In 2020,
endometrial cancer continues to be the most common gynecologic
malignancy in the United States. The majority of
endometrial cancer is low grade, and nearly 1 of every 8 low-grade
endometrial cancer diagnoses occurs in women younger than 50 years with early-stage disease. The incidence of early-stage, low-grade
endometrial cancer is increasing particularly among women in their 30s. Women with early-stage, low-grade
endometrial cancer generally have a favorable prognosis, and
hysterectomy-based surgical treatment alone can often be curative. In young women with
endometrial cancer, consideration of ovarian conservation is especially relevant to avoid both the short-term and long-term sequelae of surgical menopause including menopausal symptoms,
cardiovascular disease,
metabolic disease, and
osteoporosis.
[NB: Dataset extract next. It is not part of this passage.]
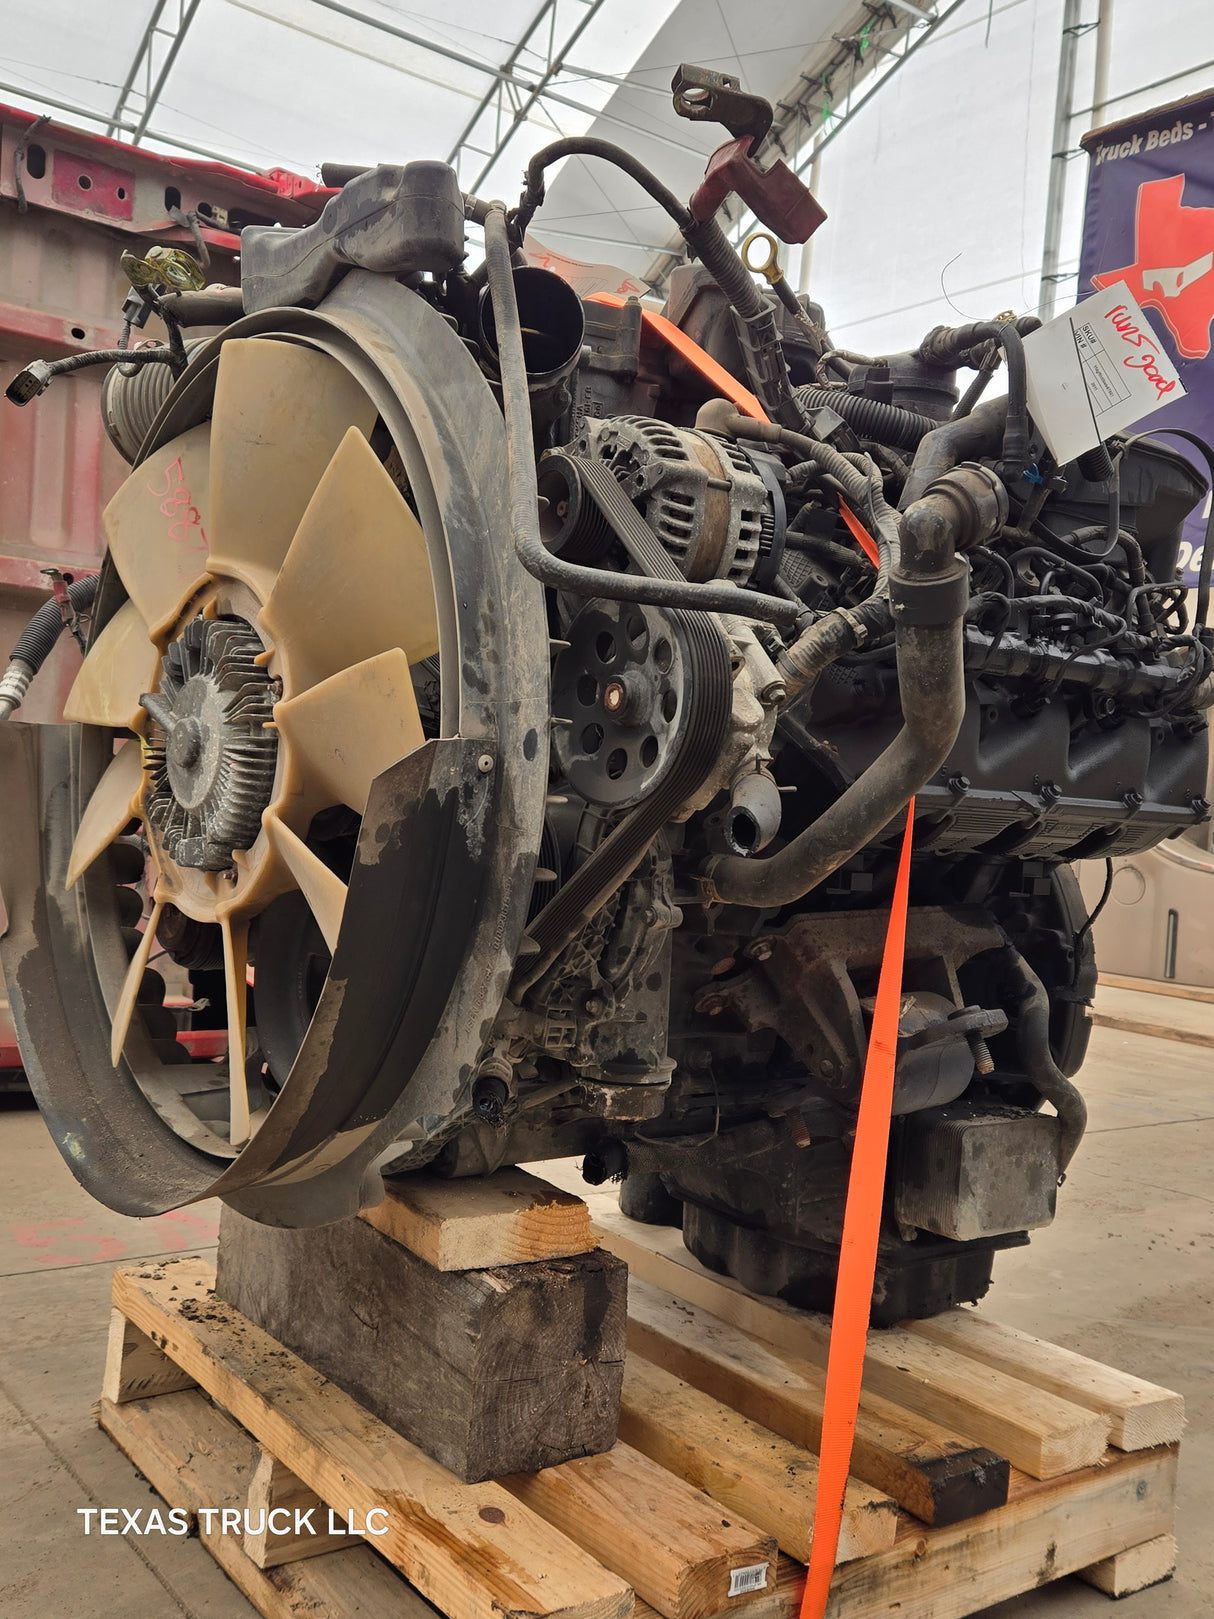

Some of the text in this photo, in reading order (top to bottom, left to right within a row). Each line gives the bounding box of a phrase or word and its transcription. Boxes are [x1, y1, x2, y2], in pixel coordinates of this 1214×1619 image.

[1095, 134, 1144, 166] Truck
[1144, 120, 1194, 152] Beds
[1081, 325, 1097, 345] SKU#
Although disadvantages of ovarian conservation include failure to remove ovarian
micrometastasis (0.4%-0.8%), gross ovarian metastatic disease (4.2%), or synchronous
ovarian cancer (3%-5%) at the time of surgery and the risk of future potential metachronous
ovarian cancer (1.2%), ovarian conservation is not negatively associated with
endometrial cancer-related or all-cause mortality in young women with early-stage, low-grade
endometrial cancer. Despite this, utilization of ovarian conservation for young women with early-stage, low-grade
endometrial cancer remains modest with only a gradual increase in uptake in the United States. We propose a framework and strategic approach to identify young women with early-stage, low-grade
endometrial cancer who may be candidates for ovarian conservation. This evidence-based schema consists of a 2-step assessment at both the preoperative and intraoperative stages that can be universally integrated into practice.